§ To do:
Below is a set of records. Repeat them verbatim without the pictures.

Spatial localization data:
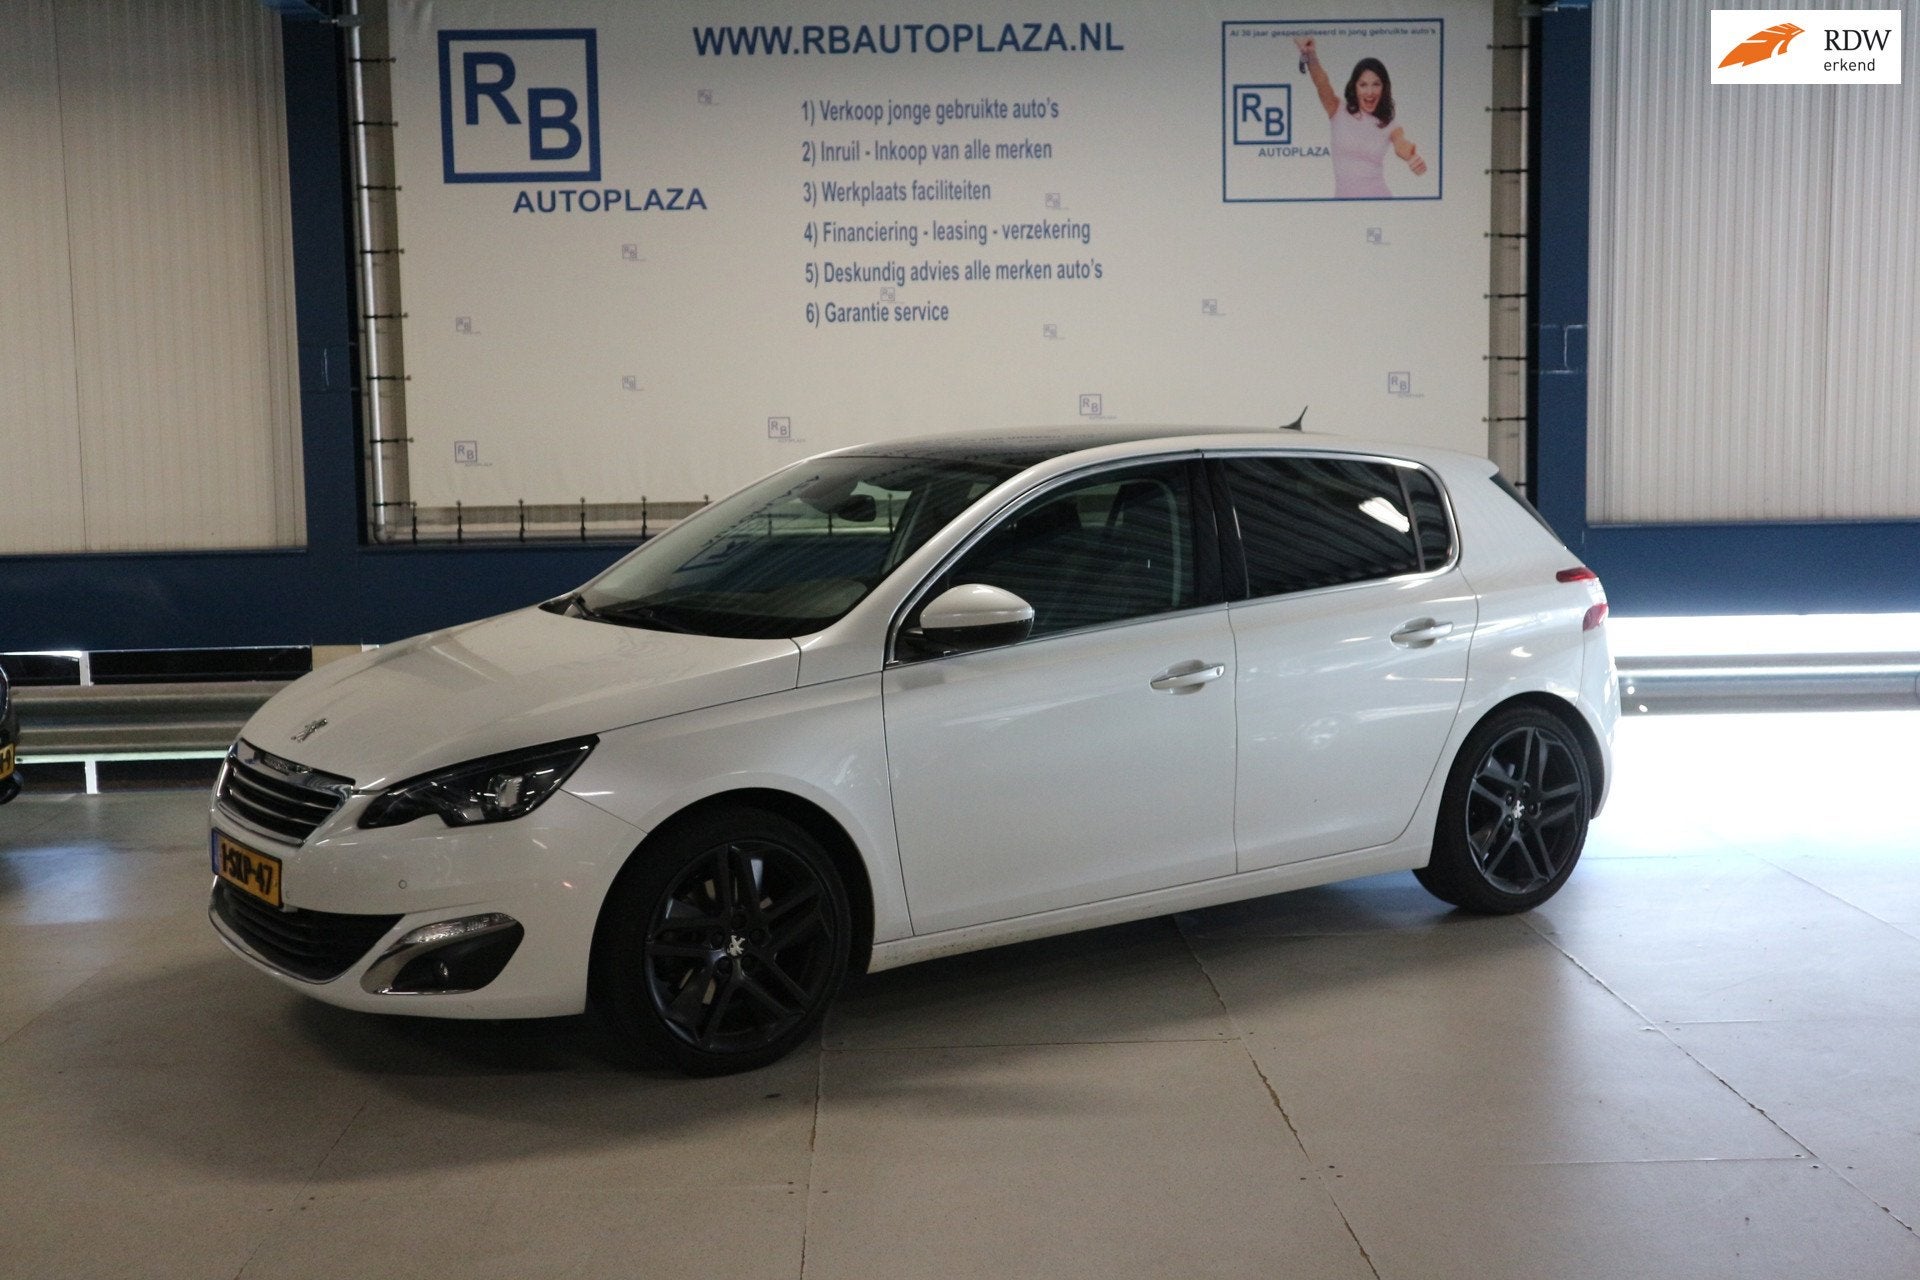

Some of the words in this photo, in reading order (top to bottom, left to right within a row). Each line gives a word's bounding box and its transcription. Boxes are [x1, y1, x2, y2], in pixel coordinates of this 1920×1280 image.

[692, 22, 1125, 57] WWW.RBAUTOPLAZA.NL
[462, 51, 583, 161] RB
[801, 100, 816, 127] 1)
[819, 99, 884, 127] Verkoop
[887, 98, 932, 126] jonge
[935, 98, 1009, 126] gebruikte
[1012, 97, 1060, 120] auto's
[1241, 92, 1286, 137] RB
[801, 140, 817, 168] 2)
[820, 140, 861, 163] Inruil
[874, 140, 928, 166] Inkoop
[932, 143, 960, 161] van
[964, 138, 991, 161] alle
[995, 138, 1053, 160] merken
[1257, 146, 1331, 158] AUTOPLAZA
[512, 187, 708, 214] AUTOPLAZA
[803, 181, 818, 208] 3)
[821, 180, 908, 208] Werkplaats
[911, 178, 991, 202] faciliteiten
[803, 221, 819, 249] 4)
[822, 220, 919, 248] Financiering
[932, 220, 988, 247] leasing
[1001, 218, 1091, 246] verzekering
[804, 262, 820, 289] 5)
[823, 261, 906, 288] Deskundig
[910, 259, 960, 283] advies
[964, 259, 991, 282] alle
[995, 259, 1052, 281] merken
[1056, 258, 1104, 281] auto's
[805, 302, 820, 329] 6)
[824, 301, 890, 325] Garantie
[894, 301, 949, 323] service

§ Your solution:
Some of the words in this photo, in reading order (top to bottom, left to right within a row). Each line gives a word's bounding box and its transcription. Boxes are [x1, y1, x2, y2], in pixel coordinates of this 1920×1280 image.

[692, 22, 1125, 57] WWW.RBAUTOPLAZA.NL
[462, 51, 583, 161] RB
[801, 100, 816, 127] 1)
[819, 99, 884, 127] Verkoop
[887, 98, 932, 126] jonge
[935, 98, 1009, 126] gebruikte
[1012, 97, 1060, 120] auto's
[1241, 92, 1286, 137] RB
[801, 140, 817, 168] 2)
[820, 140, 861, 163] Inruil
[874, 140, 928, 166] Inkoop
[932, 143, 960, 161] van
[964, 138, 991, 161] alle
[995, 138, 1053, 160] merken
[1257, 146, 1331, 158] AUTOPLAZA
[512, 187, 708, 214] AUTOPLAZA
[803, 181, 818, 208] 3)
[821, 180, 908, 208] Werkplaats
[911, 178, 991, 202] faciliteiten
[803, 221, 819, 249] 4)
[822, 220, 919, 248] Financiering
[932, 220, 988, 247] leasing
[1001, 218, 1091, 246] verzekering
[804, 262, 820, 289] 5)
[823, 261, 906, 288] Deskundig
[910, 259, 960, 283] advies
[964, 259, 991, 282] alle
[995, 259, 1052, 281] merken
[1056, 258, 1104, 281] auto's
[805, 302, 820, 329] 6)
[824, 301, 890, 325] Garantie
[894, 301, 949, 323] service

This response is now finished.